My 51 year old DH is a professional guy, and the only place he doesn't wear a ball cap(other than those places mentioned above) is when he's in the shower, asleep, or at his job. The minute he walks out of his office, the hat goes on. I have no idea why it's so important to him, but it's what he does, and it's not my place to change it, because it's not hurting ANYONE. It could be that it's because he is self-conscious about his receding hairline...I don't know. It doesn't bother me at all, and I'd certainly never insist he remove it at the table. And Lord help any stranger who would say anything to him, or attempt to knock it off his head. Oh my...it would not be good.
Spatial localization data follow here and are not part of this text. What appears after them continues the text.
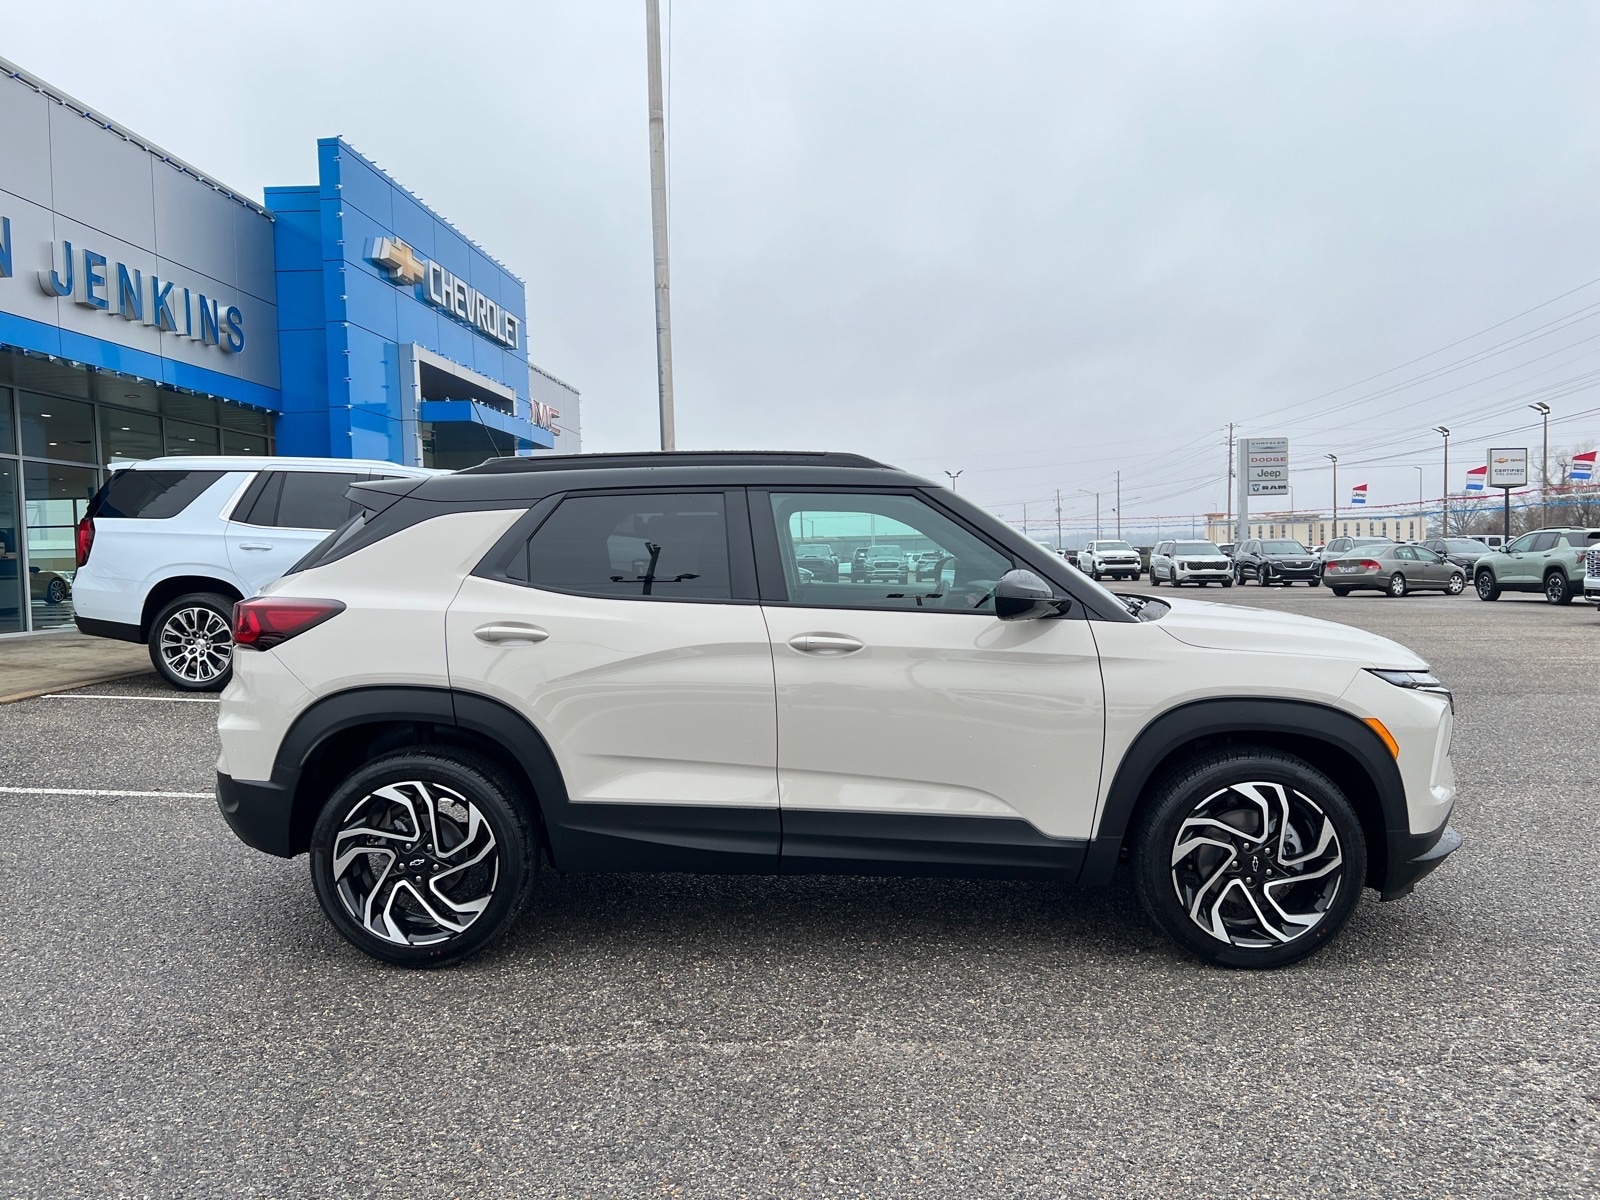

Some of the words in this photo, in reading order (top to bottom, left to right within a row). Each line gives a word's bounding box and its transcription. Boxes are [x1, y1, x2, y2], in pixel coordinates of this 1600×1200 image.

[40, 240, 245, 353] JENKINS
[423, 259, 520, 350] CHEVROLET
[530, 398, 560, 436] MC
[1257, 469, 1281, 478] Jeep
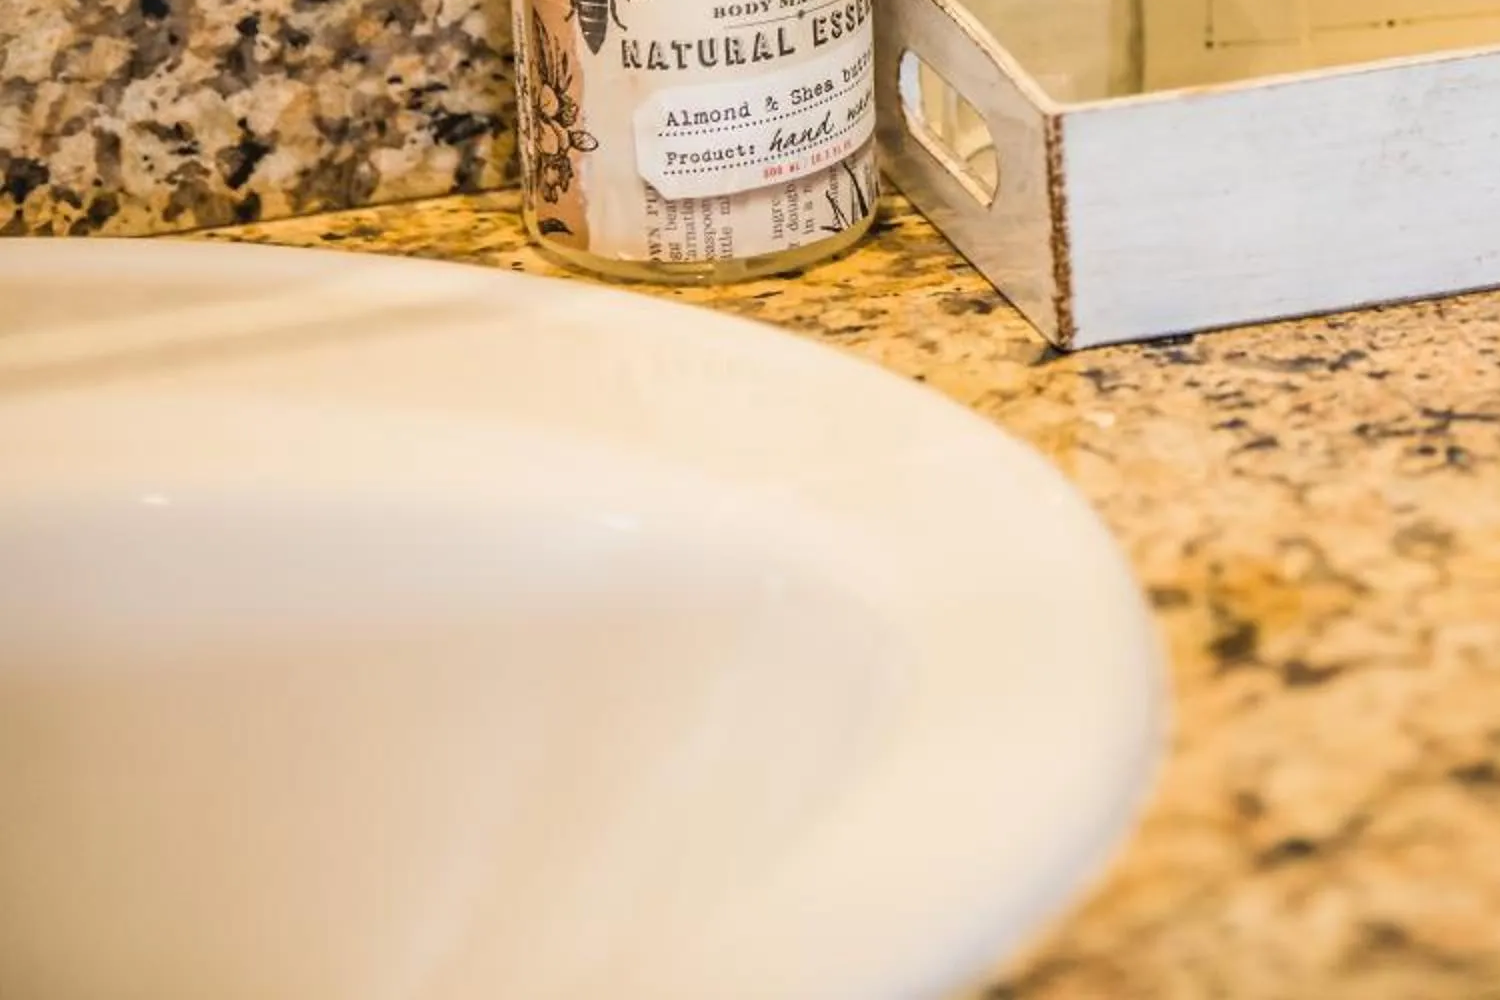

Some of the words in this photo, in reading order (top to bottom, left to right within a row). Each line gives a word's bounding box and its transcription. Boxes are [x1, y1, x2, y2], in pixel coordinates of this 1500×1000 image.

[712, 0, 772, 19] BODY
[620, 26, 796, 70] NATURAL
[666, 101, 751, 127] Almond
[789, 79, 834, 105] Shea
[665, 144, 756, 166] Product:
[769, 109, 835, 153] hand
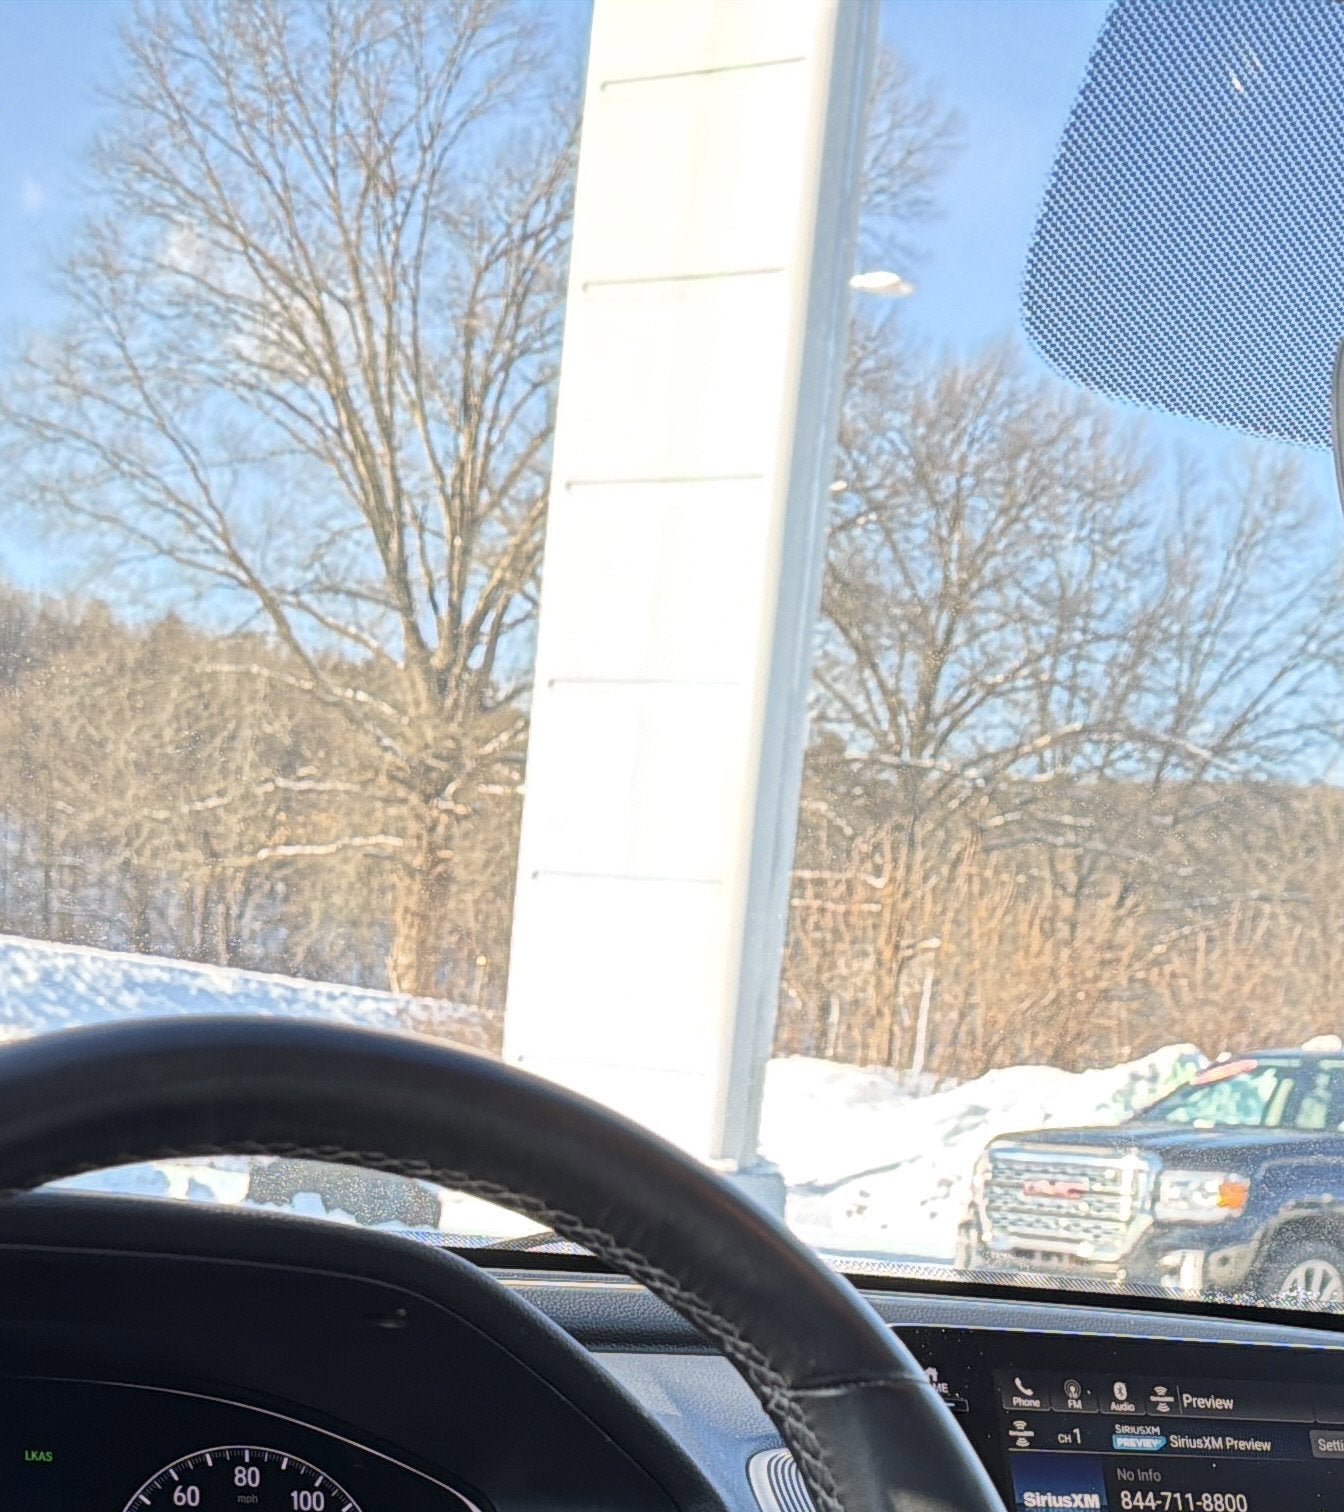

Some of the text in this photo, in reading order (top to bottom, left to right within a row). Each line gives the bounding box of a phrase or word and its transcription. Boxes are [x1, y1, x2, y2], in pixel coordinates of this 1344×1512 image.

[1012, 1397, 1040, 1409] Phone
[1067, 1399, 1083, 1410] FM
[1110, 1401, 1135, 1413] Audio
[1182, 1393, 1234, 1411] Preview
[1057, 1433, 1072, 1444] CH
[1169, 1434, 1272, 1452] SiriusXM Preview
[24, 1450, 53, 1462] LKAS
[234, 1466, 260, 1488] 80
[1117, 1468, 1162, 1483] No Info
[173, 1485, 200, 1507] 60
[290, 1490, 325, 1512] 100
[1022, 1492, 1101, 1509] SiriusXM
As for cell phones...the only problem I have with them is when someone thinks that taking a non-emergency call, or playing games or checking Facebook or their email when they are socializing in person with someone is more important than the person they are socializing with. To me, that is RUDE and DISRESPECTFUL behavior, and shows that person clearly has no manners, or consideration for others. But a hat on the head? No way...not even a blip on the radar.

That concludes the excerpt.